The study of microorganism interactions is important for understanding the organization and functioning of microbial consortia. Additionally, the interaction between yeast and bacteria is of interest in the field of health and nutrition area for the development of probiotics. To investigate these microbial interactions at the cellular and molecular levels, a simple, reliable, and quantitative method is proposed. We demonstrated that flow cytometry enables the measurement of interactions at a single-cell level by detecting and counting yeast cells with bound fluorescent bacteria. Imaging flow cytometry revealed that the number of bacteria attached to yeast followed a Gaussian distribution whose maximum reached 14 bacterial cells using a clinical Escherichia coli strain E22 and the laboratory yeast strain BY4741. We found that the dynamics of adhesion resemble a Langmuir adsorption model, albeit it is a rapid and almost irreversible process.

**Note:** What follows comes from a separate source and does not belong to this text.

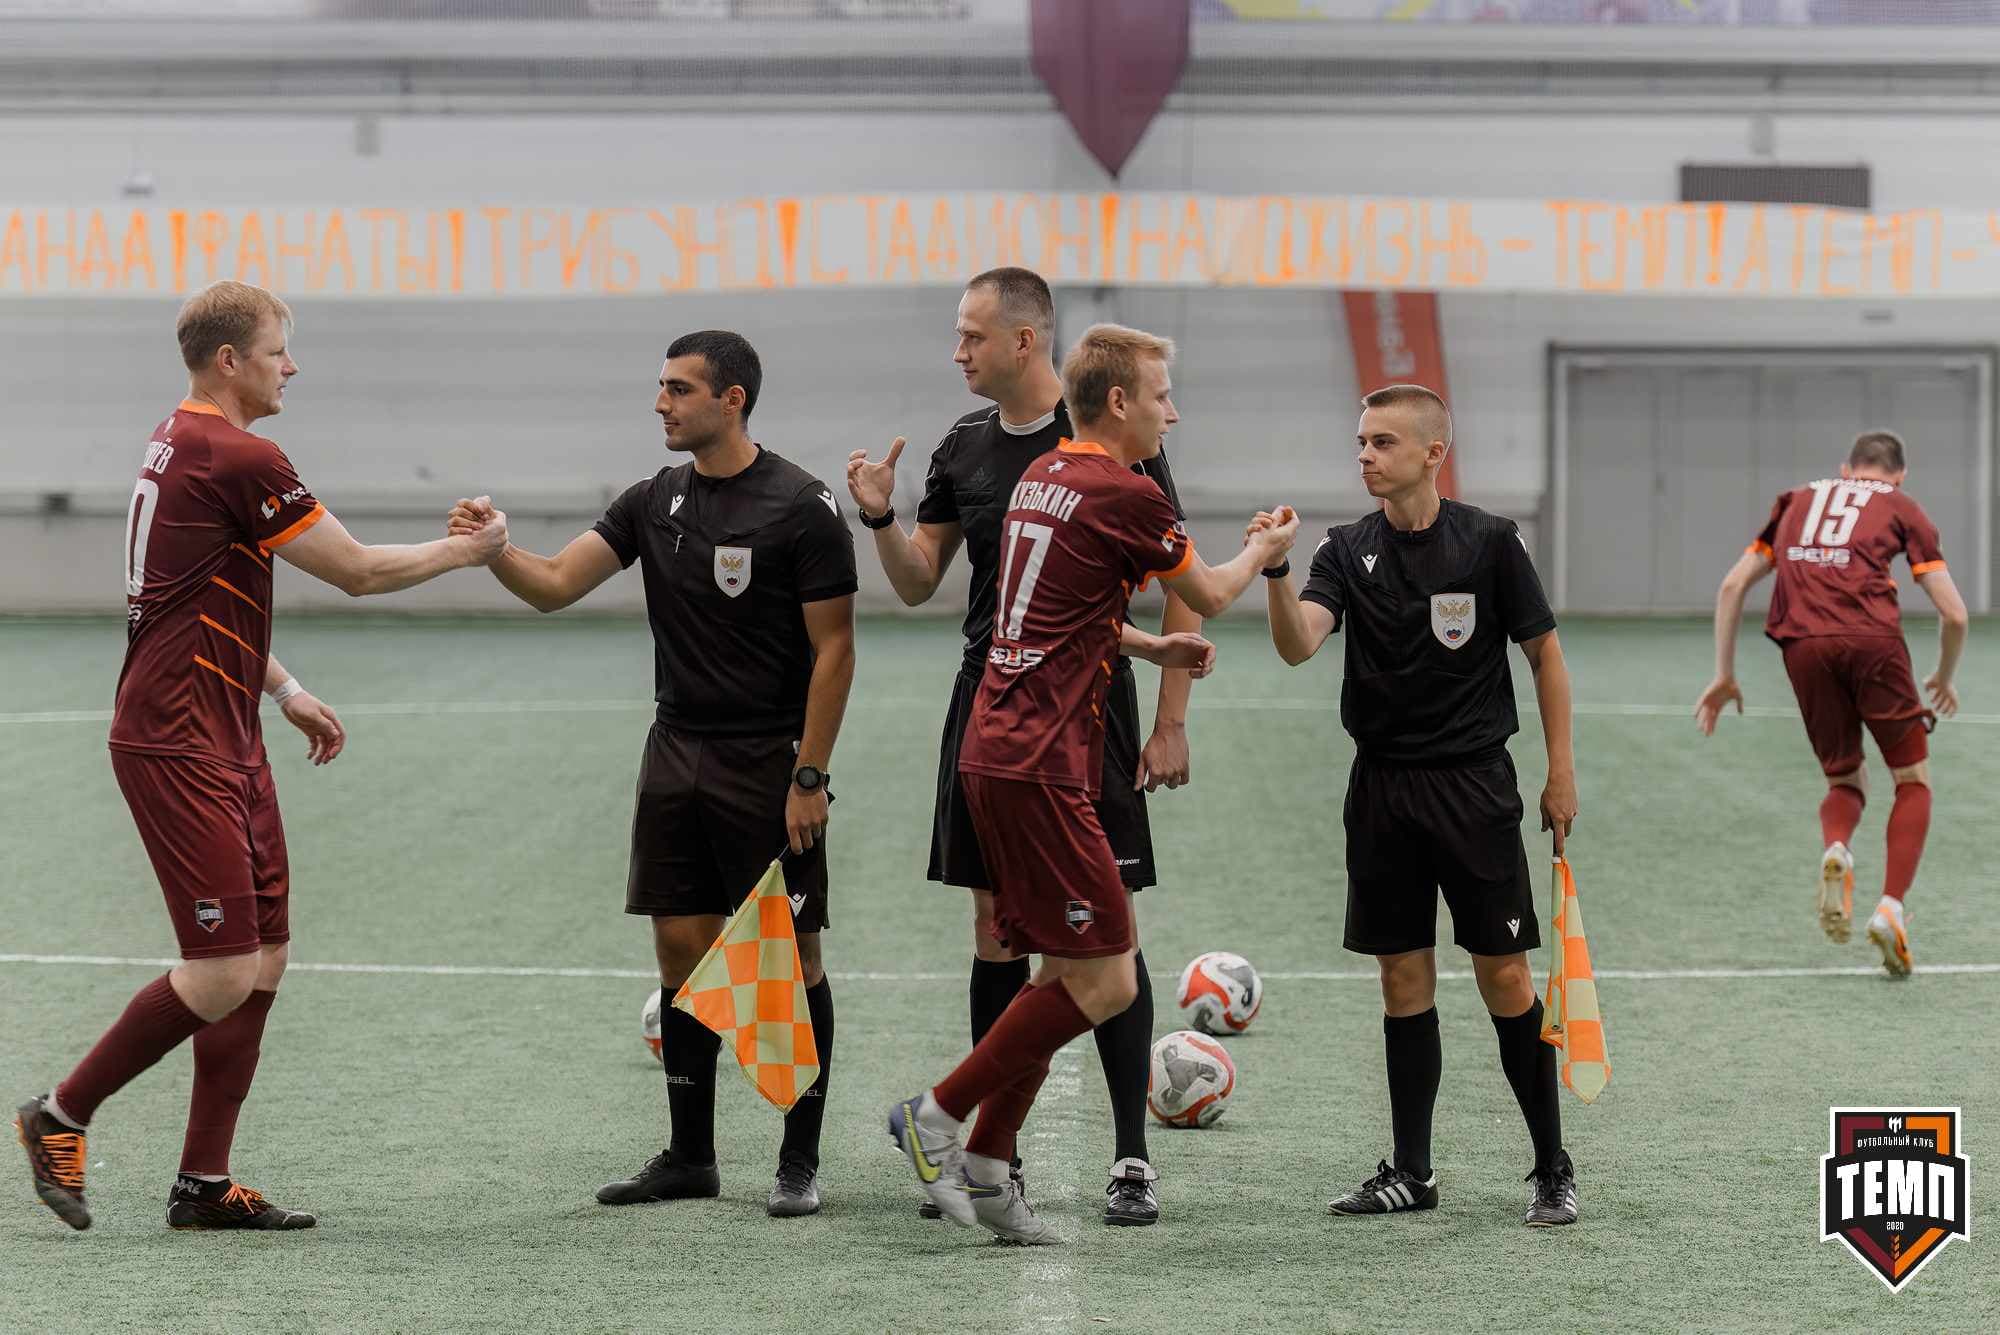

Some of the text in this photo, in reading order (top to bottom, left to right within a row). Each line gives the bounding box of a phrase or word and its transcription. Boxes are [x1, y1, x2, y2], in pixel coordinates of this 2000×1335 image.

This adhesion is dependent on the mannose-specific type 1 fimbriae, as E. coli mutants lacking these appendages no longer adhere to yeast. However, this type 1 fimbriae-dependent adhesion could involve additional yeast cell wall factors, since the interaction between bacteria and yeast mutants with altered mannan content remained comparable to that of wild-type yeast. In summary, flow cytometry is an appropriate method for studying bacteria-yeast adhesion, as well as for the high-throughput screening of candidate molecules likely to promote or counteract this interaction.